(Stored data)
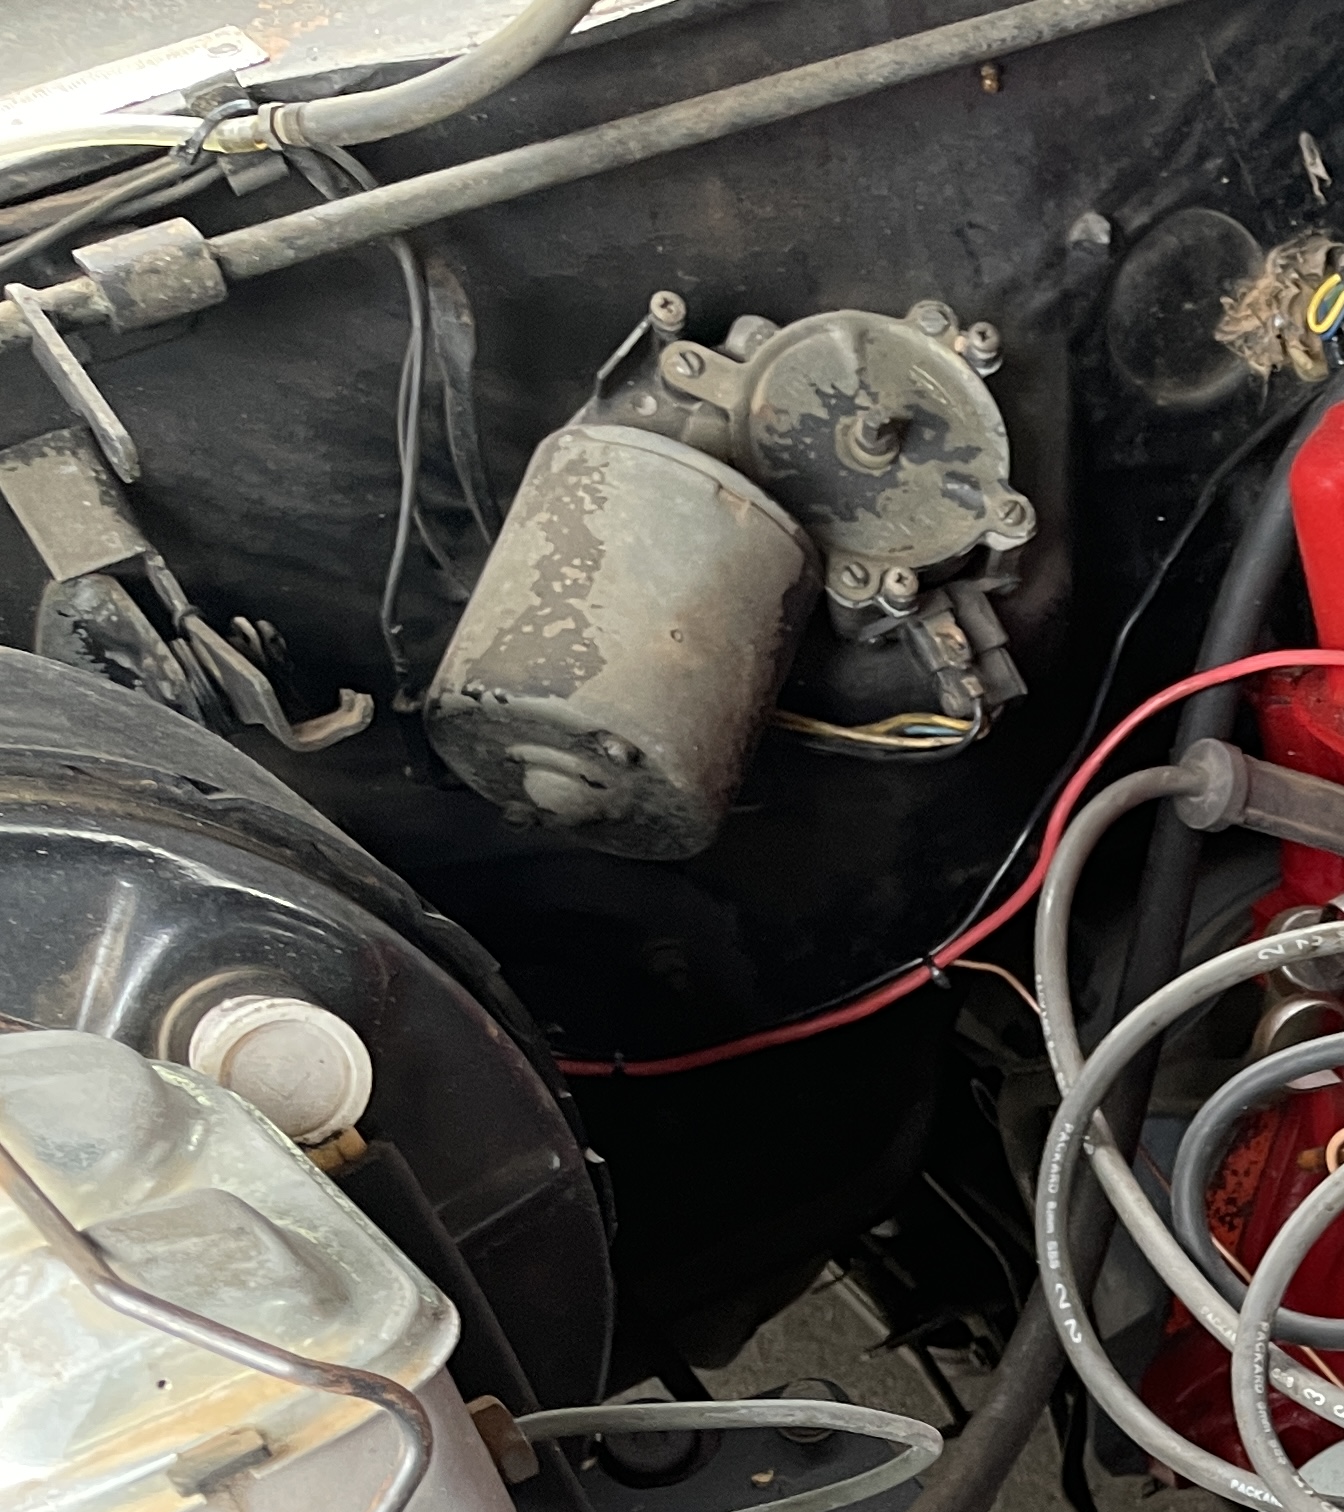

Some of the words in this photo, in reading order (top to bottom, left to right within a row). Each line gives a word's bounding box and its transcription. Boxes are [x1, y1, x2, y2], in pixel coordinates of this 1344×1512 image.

[1046, 1122, 1075, 1194] PACKARD
[1055, 1282, 1072, 1309] 2
[1063, 1318, 1083, 1344] 2
[1253, 1321, 1271, 1395] PACKARD
[1303, 1387, 1326, 1407] 3
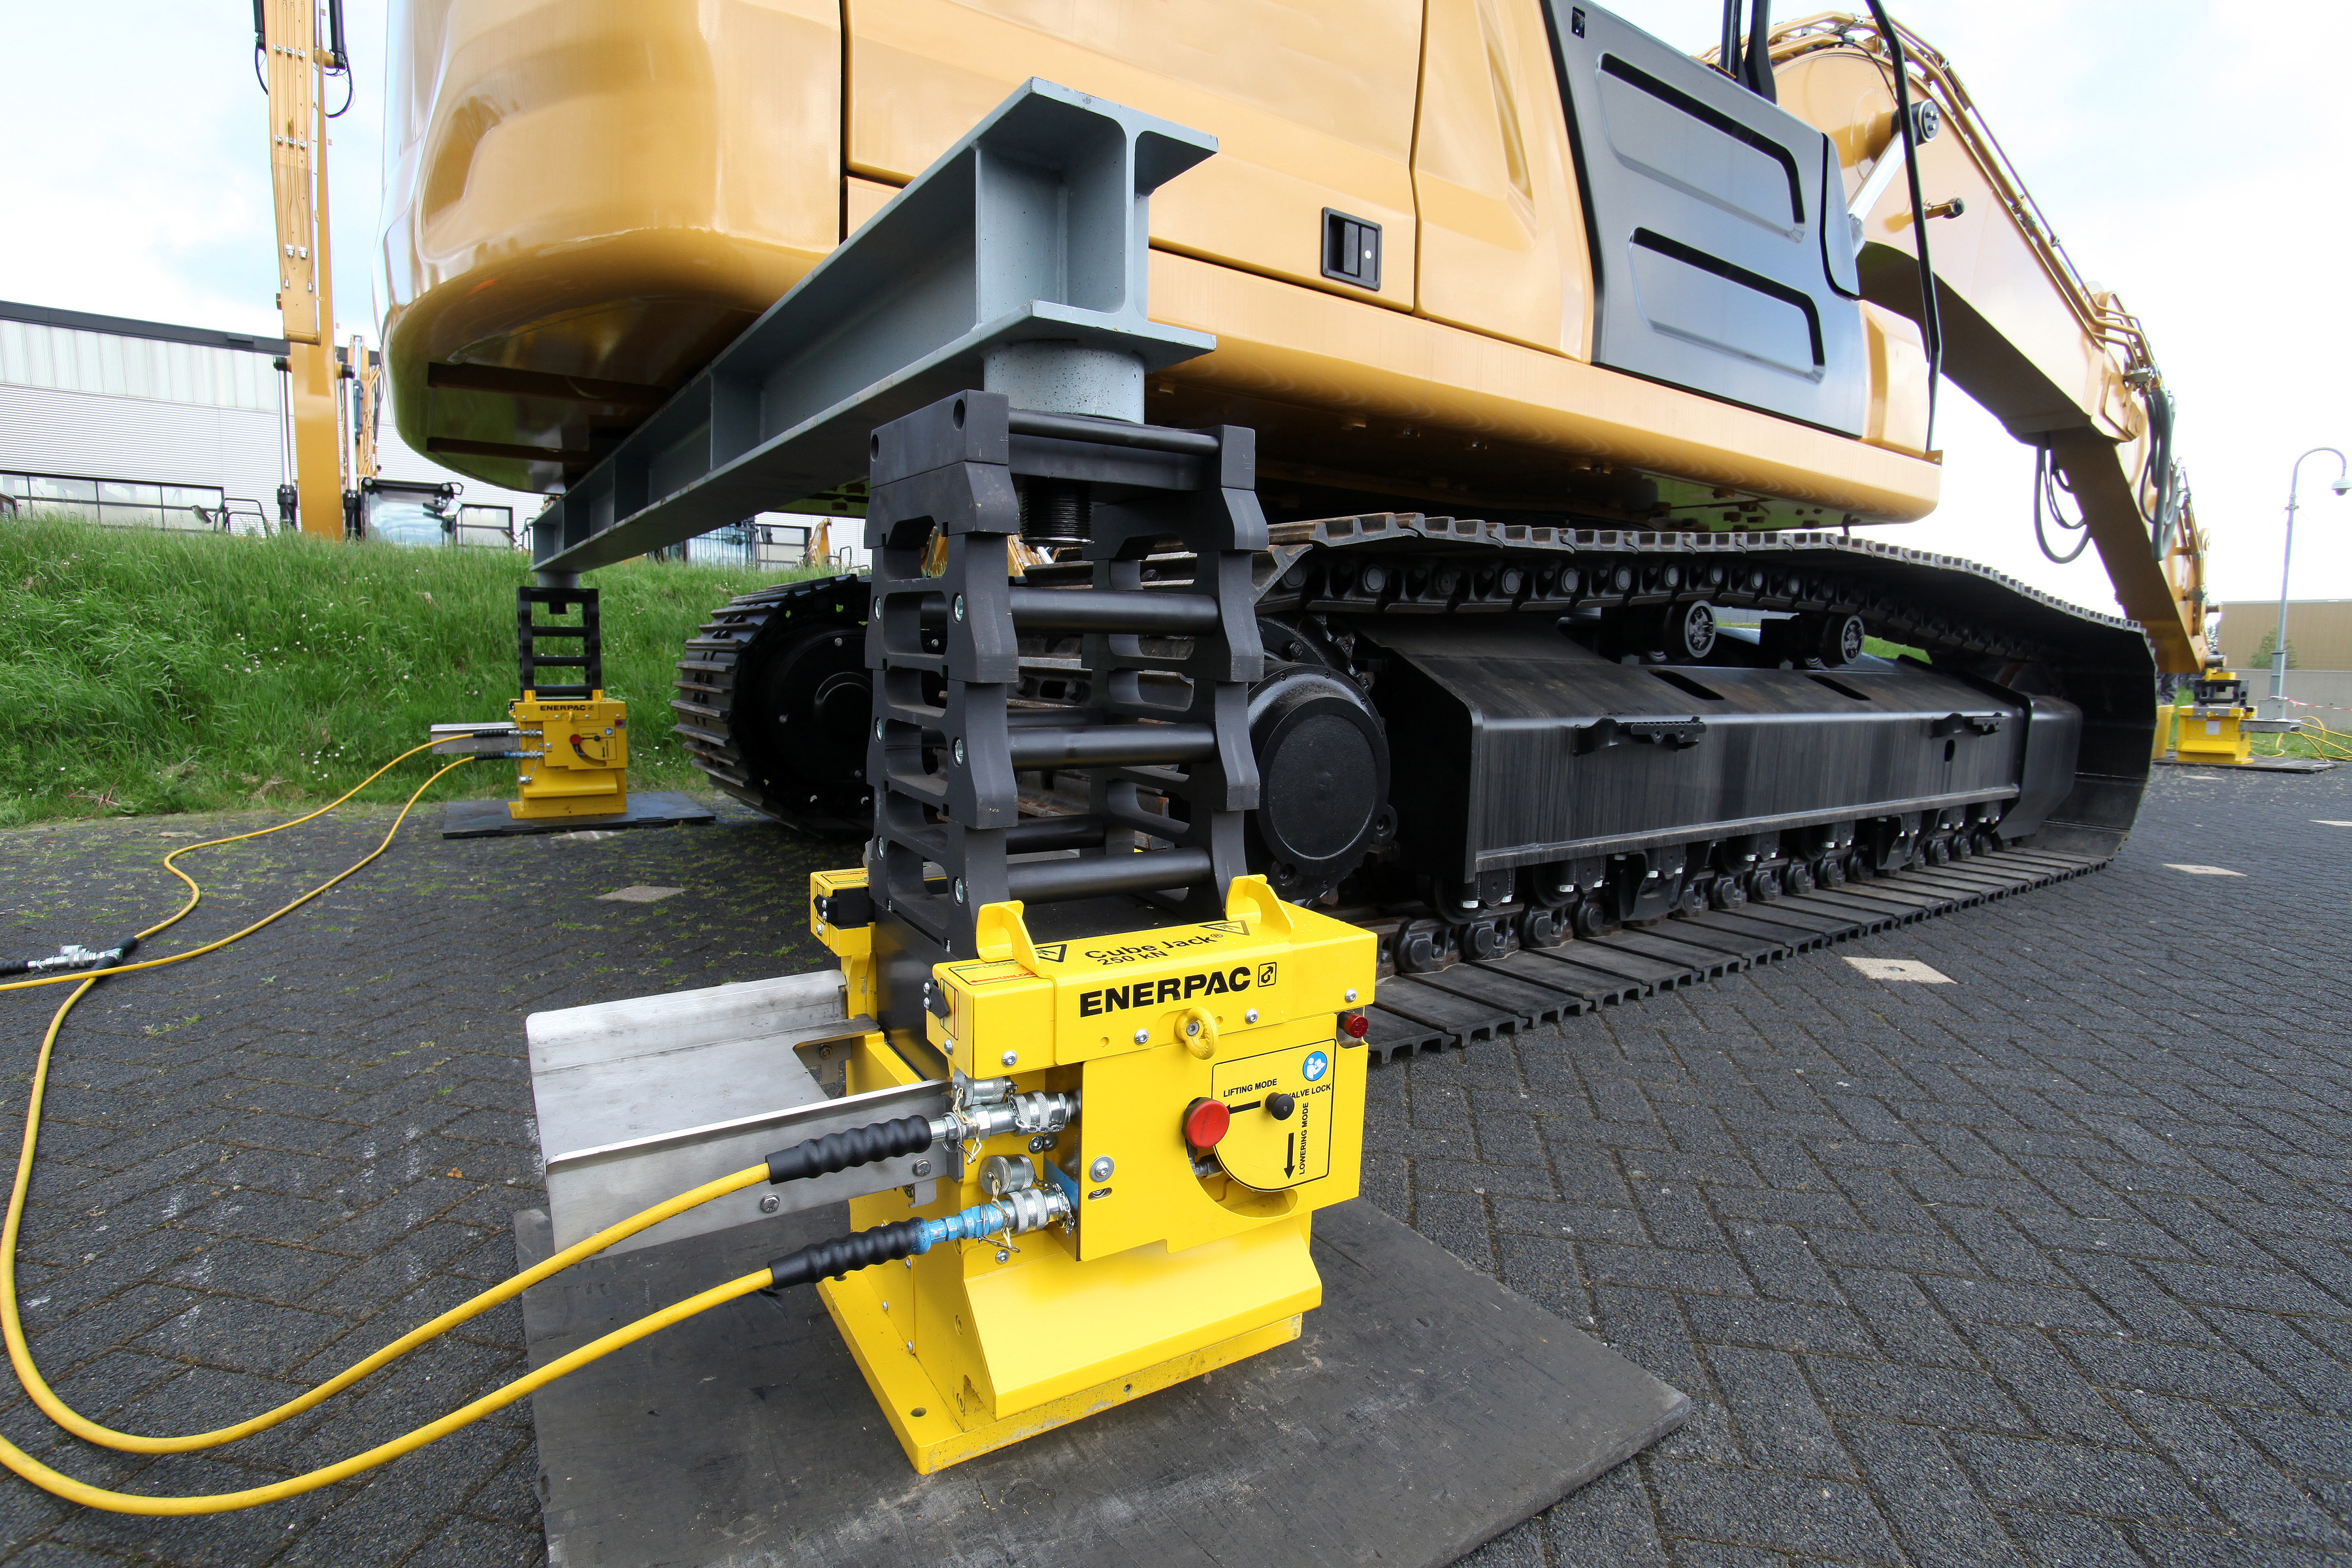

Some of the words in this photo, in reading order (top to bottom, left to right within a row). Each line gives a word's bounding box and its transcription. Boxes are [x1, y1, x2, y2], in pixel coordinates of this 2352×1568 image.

[1085, 943, 1158, 959] Cube
[1097, 955, 1135, 966] 250
[1139, 951, 1169, 959] kN
[1080, 966, 1251, 1018] ENERPAC
[1223, 1085, 1253, 1098] LIFTING
[1254, 1079, 1277, 1090] MODE
[1311, 1083, 1331, 1094] LOCK
[1299, 1130, 1307, 1175] LOWERING

■ Problem description ■
Give the records back exactly. Leave the pictures out.

■ The answer ■
Some of the words in this photo, in reading order (top to bottom, left to right within a row). Each line gives a word's bounding box and its transcription. Boxes are [x1, y1, x2, y2], in pixel coordinates of this 1344×1512 image.

[1046, 1122, 1075, 1194] PACKARD
[1055, 1282, 1072, 1309] 2
[1063, 1318, 1083, 1344] 2
[1253, 1321, 1271, 1395] PACKARD
[1303, 1387, 1326, 1407] 3

Some of the words in this photo, in reading order (top to bottom, left to right within a row). Each line gives a word's bounding box and its transcription. Boxes are [x1, y1, x2, y2], in pixel coordinates of this 2352×1568 image.

[1085, 943, 1158, 959] Cube
[1097, 955, 1135, 966] 250
[1139, 951, 1169, 959] kN
[1080, 966, 1251, 1018] ENERPAC
[1223, 1085, 1253, 1098] LIFTING
[1254, 1079, 1277, 1090] MODE
[1311, 1083, 1331, 1094] LOCK
[1299, 1130, 1307, 1175] LOWERING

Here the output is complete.